The Decline of the Rom Com

I don’t mean to brag or anything, but I’m kind of an expert movie-watcher. I can spend days, probably even weeks if life allowed it, watching films: gory, colorful Tarantino action films, meticulously plotted courthouse thrillers, over-the-top comic book superheroes, minimalist introspective character studies, and on special occasions—provided a blanket and a space to scream in—those gritty, high-budget CGI horror movies.  But being a chronic moviegoer means dealing with the valleys along with the peaks—and in this expert watcher’s humble opinion, no film genre has more peaks and valleys than the romantic comedy.

This is, believe me, no rag on the rom com. Even by my standards, too much of my Spring Break was devoted to watching feel-good, happily-ever-after love stories: love stories in Seattle, love stories in New York, love stories in Sacramento and Chicago and Austin. But it became quickly evident that the memorable characters and the emotional stickiness of the last couple decades, perfected in original and creative films like When Harry Met Sally, Say Anything, and even the seemingly air-headed Clueless of the ’80s and ’90s are slowly regressing to a pervasive, chronic laziness. The normalization of happily-ever-after endings in rom coms may be feel-good, but it has led to the decline of the genre: a timid and uninspired adherence to formula.
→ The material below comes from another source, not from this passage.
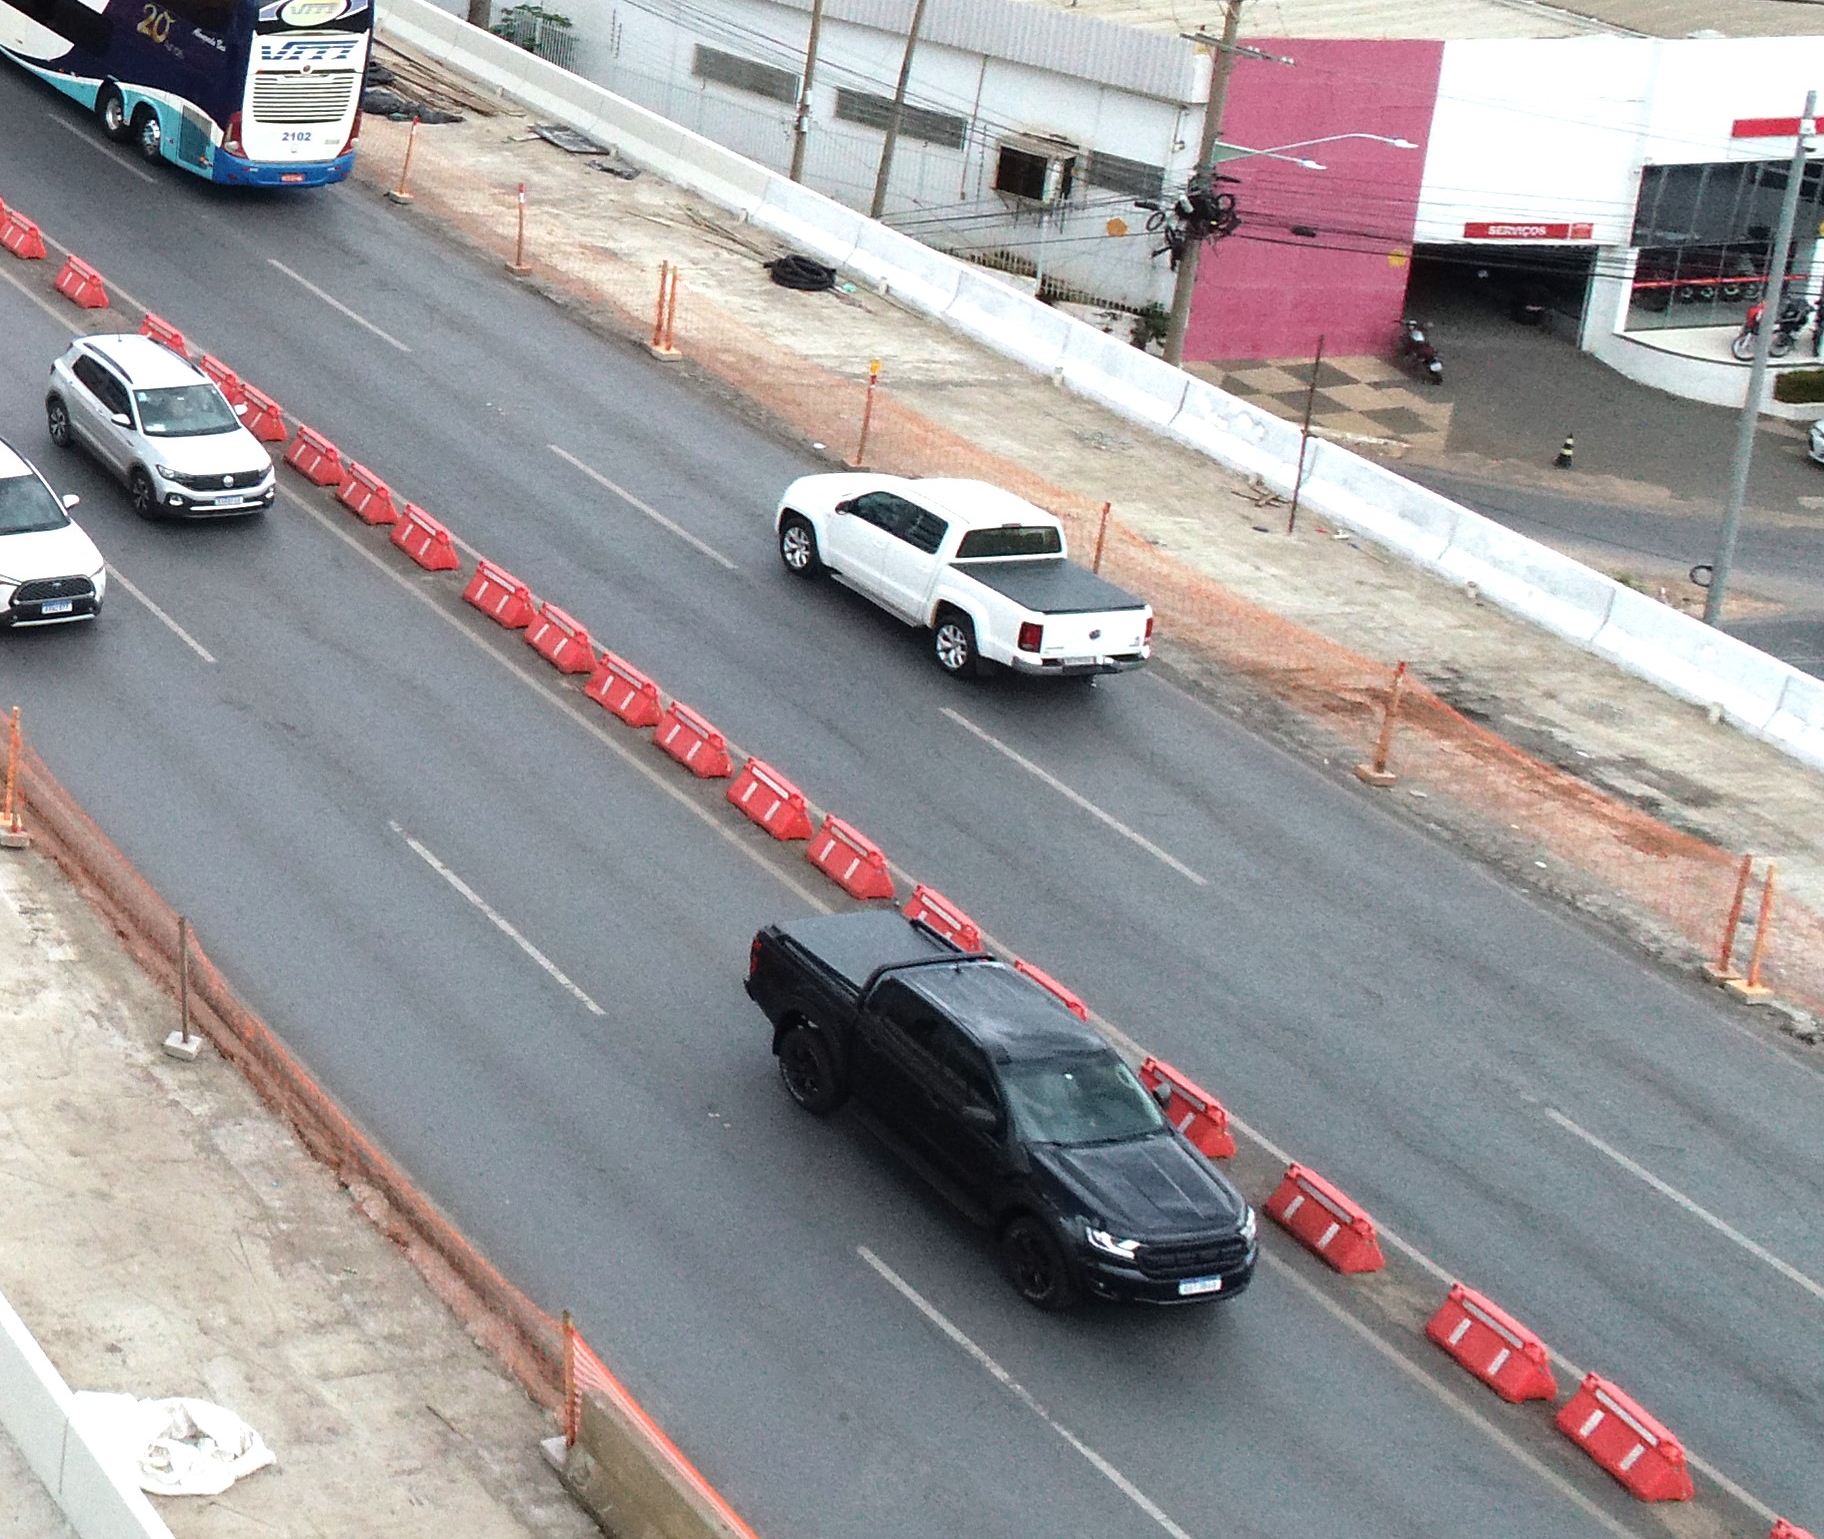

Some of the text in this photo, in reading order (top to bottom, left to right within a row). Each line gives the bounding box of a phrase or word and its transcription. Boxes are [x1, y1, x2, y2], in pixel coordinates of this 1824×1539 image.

[137, 3, 176, 43] 20
[282, 132, 312, 141] 2102
[1488, 226, 1546, 236] SERVIÇOS
Although there are and always will be exceptions, so many romantic comedies now seem to depend on vapid plot contrivances and character choices that contradict the way humans actually act, putting the movieverse into an alternate space-time continuum until it’s filled with characters that are practically inhuman—people who bend the rules of human interaction until the whole movie fills itself with sociopaths. Even the “classics”—or at least the most-loved—of 21st century rom coms have these bizarre, sci-fi-esque plots that normal people would never find themselves in: In The Proposal, a woman forces her younger male secretary to marry her to avoid getting deported to Canada. Warm Bodies depicts the intensely relatable teen drama of falling in love with a zombie. She’s the Man, bless that movie’s heart, has a girl preposterously pose as her brother to play soccer and fall in love with her roommate in the process. These may be pleasing, adorable pieces of candy, but anything that is meant to be watched with a grain of salt or three has not been well-seasoned in the first place (if you’ll forgive the metaphor).
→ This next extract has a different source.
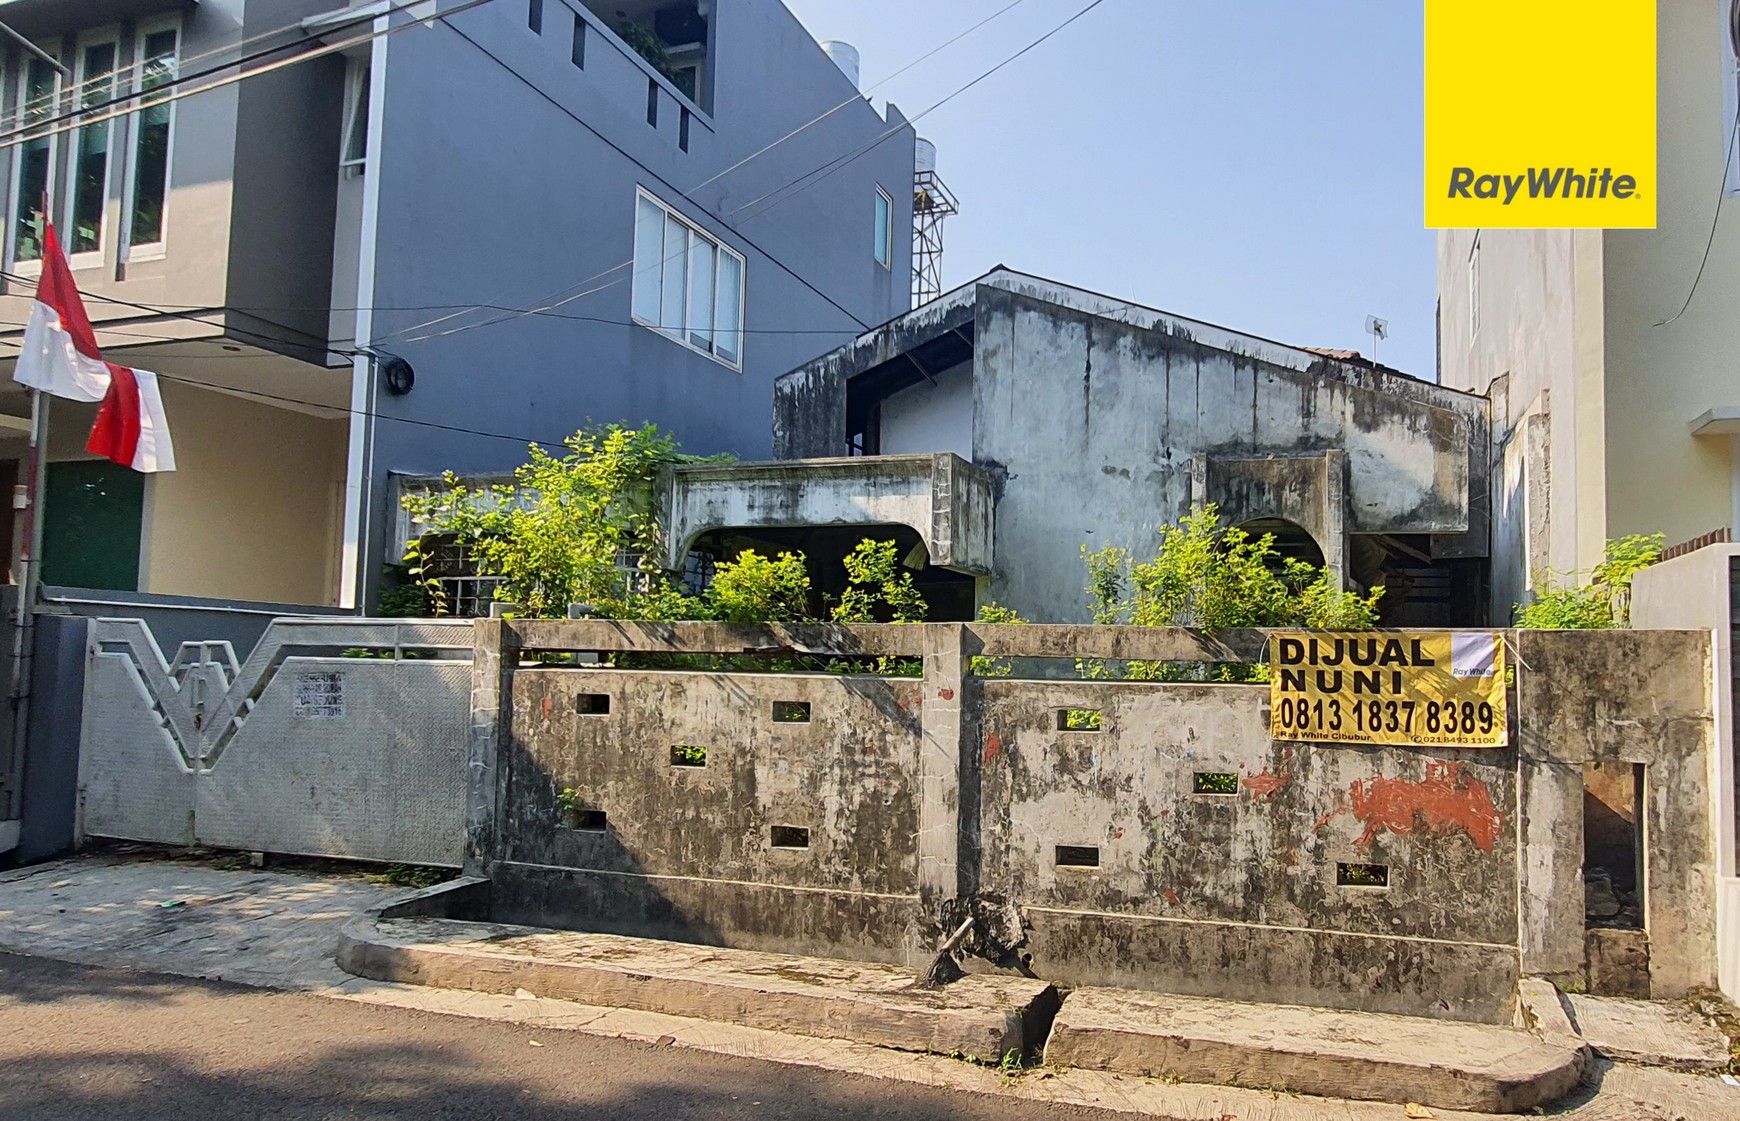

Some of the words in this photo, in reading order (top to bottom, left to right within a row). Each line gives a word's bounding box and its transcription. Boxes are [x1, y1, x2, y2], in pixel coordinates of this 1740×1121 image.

While one can argue that perhaps these ridiculous plots only mean to mirror the issues we do face in our lives, we as consumers shouldn’t have to forcibly derive that meaning for ourselves—to make up for the laziness of the producers. In fact, I wholly blame this new formulaic simplicity of the genre on studios’ severe underestimation of audiences. I have no qualms about the humiliating box-office deaths of insipid, uncreative “rom coms” like The Ugly Truth (2009) and Playing It Cool (2015) because these are obtuse, witless bores that make plaster walls seem brazen in comparison. They say nothing and accomplish nothing, they think they are wittier than they are, and they don’t challenge anyone, most of all themselves. They are, by movie standards, unrespectable because they are cowardly. Art is for inventing. Art is for learning. Art is for feeling. And to continuously produce these time-wasting tins is to disrespect audiences, to say that this is all we single-minded sheep can handle.
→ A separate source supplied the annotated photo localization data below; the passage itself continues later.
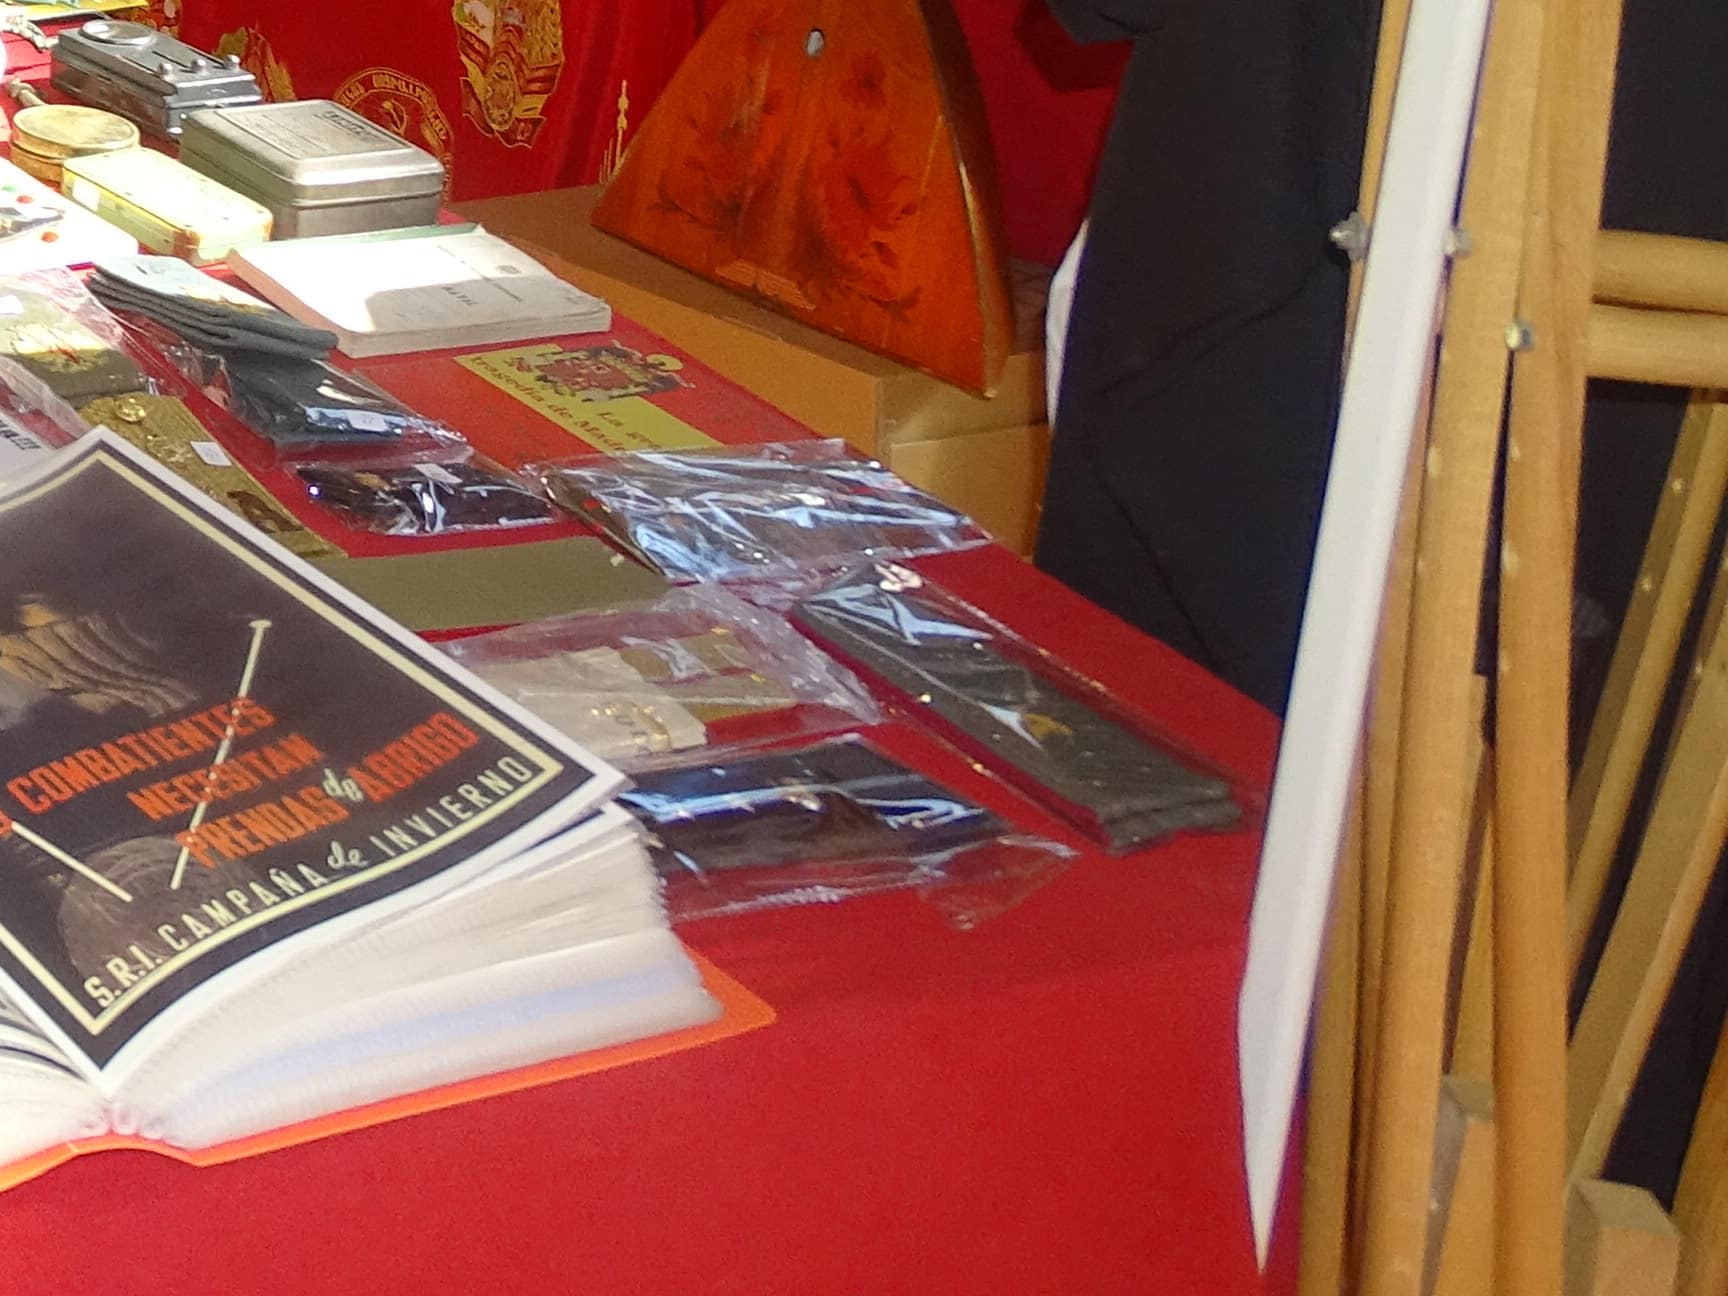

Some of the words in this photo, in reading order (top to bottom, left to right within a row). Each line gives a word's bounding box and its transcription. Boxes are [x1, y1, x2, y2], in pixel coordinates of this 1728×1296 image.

[6, 695, 278, 814] COMBATIENTES
[126, 731, 326, 823] NECESITAN
[174, 785, 351, 869] PRENDAS
[346, 709, 481, 805] ABRIGO
[156, 860, 330, 954] CAMPAÑA
[368, 753, 535, 859] INVIERNO
Movies that take nothing seriously except dating—How To Lose A Guy In 10 Days, 27 Dresses, and This Means War—rarely ever work, because love is always mixed up with all kinds of other complicated, life-altering issues. Art is meant to make a statement, and whether that’s about humanity, grief, unwanted change, or class struggle—art has to have something to say and has to say it loud. The best romantic comedies, then, are the ones that reflect life for itself, defining our characters in frames of living retrospect. They have elements of real sadness and real emotion even within their humor, like the depressed mental instability of the Jason Segel’s lonely Peter Bretter in Forgetting Sarah Marshall or the complexities of human interaction found in Notting Hill.

People still like rom coms. There’s a reason people still watch them. But those reasons can’t last if studios continue to generate slop for swine. Continuing to make lackluster, careless, and disrespectful films hurts us, as both movie lovers and members of society—they make people feel justified in using “chick flick” as a misogynistic insult, inevitably accompanied by an eye roll and a wave of the hand. They make people who care about love trifling and valueless. They make us, by association, pathetic.

Just like any genre of art, this genre needs to evolve to survive, to find its audience and serve it what it deserves, and this calls for a change in perception of what a rom com is and what it should do for its audience. We millennials are not the starry-eyed consumers that our parents were. Blame it on the fact that the Baby Boomers have sunk the economy for us, or on the fact that we grew up on dystopian revolutionaries and reluctant anti-heroes rather than epic space explorers and idealistic Western cowboys. But we are a discerning generation, cynical and terrified for the unknowable, uncharted futures before us, and we need, and want, movies that reflect the complexities of our living concerns.